MEDIAL GASTROCNEMIUS MUSCLE STRAIN
The medial gastrocnemius originates from the medial femoral condyle, crosses the knee, and joins the lateral gastrocnemius. The tendon complex of this muscle merges with that of the soleus muscle to form the Achilles tendon, which inserts on the calcaneus to act in plantarflexion of the foot. Injury to the medial gastrocnemius muscle usually occurs when a person forcefully plantarflexes the foot while the knee is extended, occurring when the gastrocnemius is at its maximal length. The typical patient is 40 to 60 years old and an intermittently active athlete. A sharp pain is suddenly felt in the calf as if a stick had struck the person. An audible "pop" may be heard. The pain is severe enough to cause an immediate cessation of the activity, as plantarflexion of the ankle is too painful.

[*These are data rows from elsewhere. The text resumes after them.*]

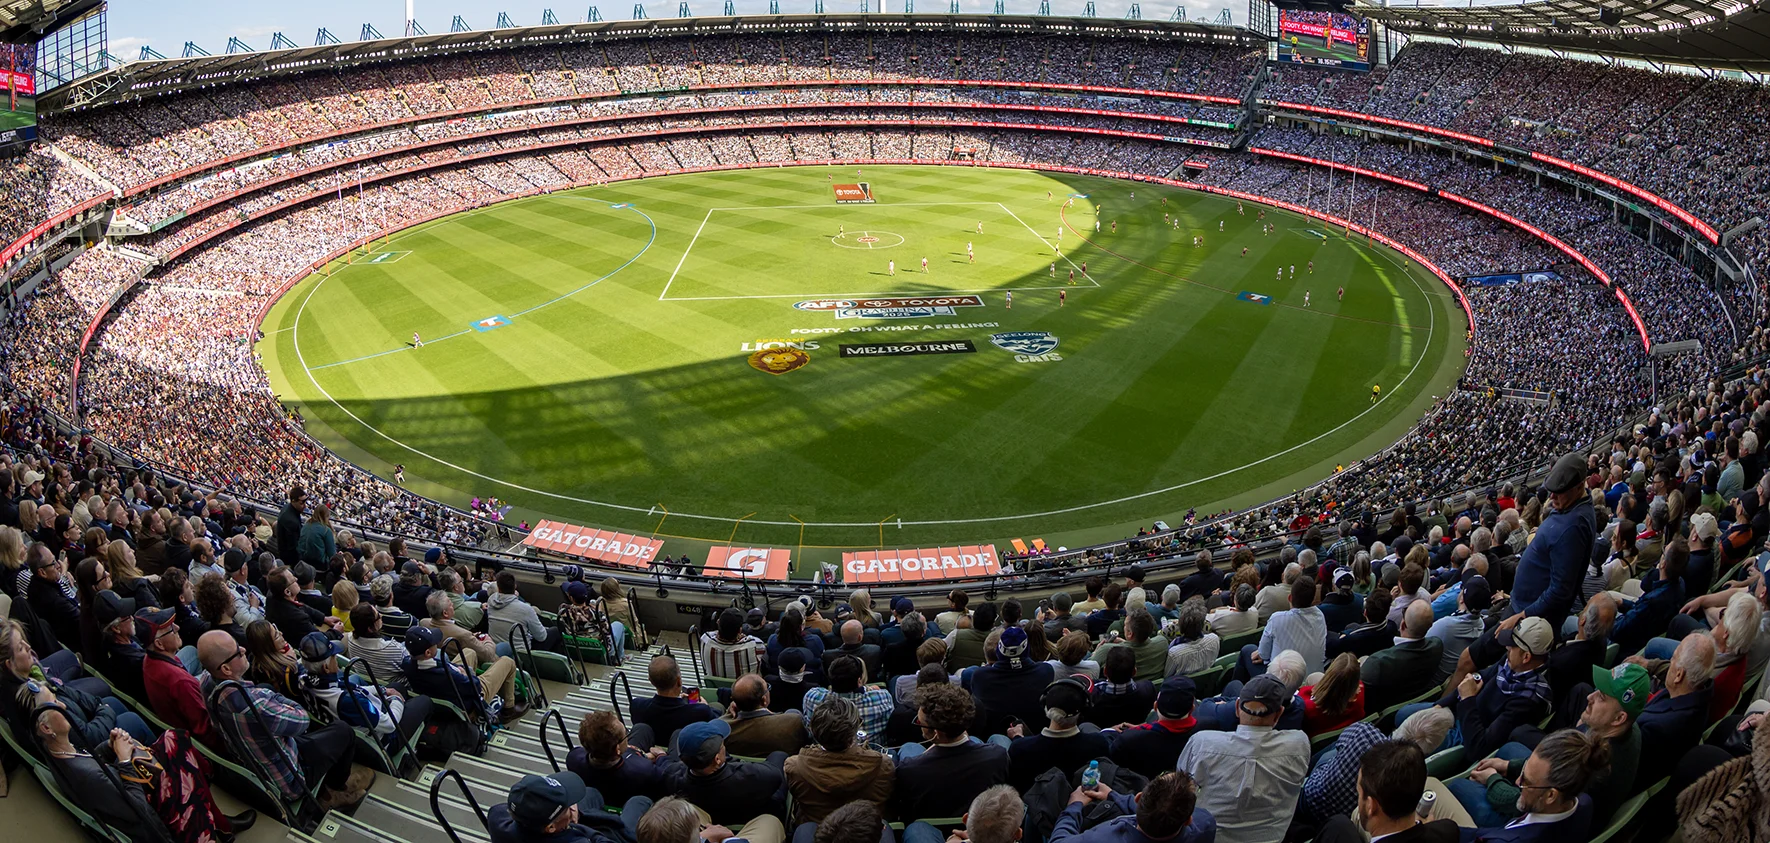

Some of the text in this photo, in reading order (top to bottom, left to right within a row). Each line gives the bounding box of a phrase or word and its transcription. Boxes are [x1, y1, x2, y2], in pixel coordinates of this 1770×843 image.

[896, 298, 975, 306] TOYOTA
[936, 322, 999, 330] FEELING!
[741, 341, 820, 350] LIONS
[846, 343, 968, 355] MELBOURNE
[1014, 352, 1064, 363] CATS
[533, 527, 654, 559] GATORADE
[727, 549, 769, 577] G
[846, 552, 994, 574] GATORADE
[325, 823, 335, 832] G

On examination, there may be asymmetric calf swelling and tenderness of the calf. The Achilles tendon is intact. The patient's pain can be elicited by passive dorsiflexion of the ankle. Differential diagnosis can include deep vein thrombosis, ruptured Baker's cyst, and compartment syndrome. Radiographs are not necessary for making the diagnosis. Nonurgent MRI can be obtained to confirm the diagnosis. Treatment includes immobilization with the foot maximally plantarflexed. Rest, ice, and elevation may decrease swelling.
Shin splints is a complex syndrome that may eventually be found to include several different injuries. The patient presents with exercise-induced pain over the medial aspect of the tibia. This is also referred to as a medial tibial stress syndrome. It may be caused by a repetitive trauma–induced periostitis of the tibia.
The population at risk includes runners, military recruits, and those with flat feet. It is uncommon before the age of 15 years old. The condition typically starts after a sudden increase in training, particularly running on hard surfaces. Physical examination findings may include tenderness over the medial or posterior tibia. Radiographs are normal. A bone scan may be needed to exclude the possibility of a stress fracture. The diagnosis is primarily a clinical one based on history and an examination that excludes other pathology. The mainstay of treatment is a several-week cessation of the activity that precipitated the pain.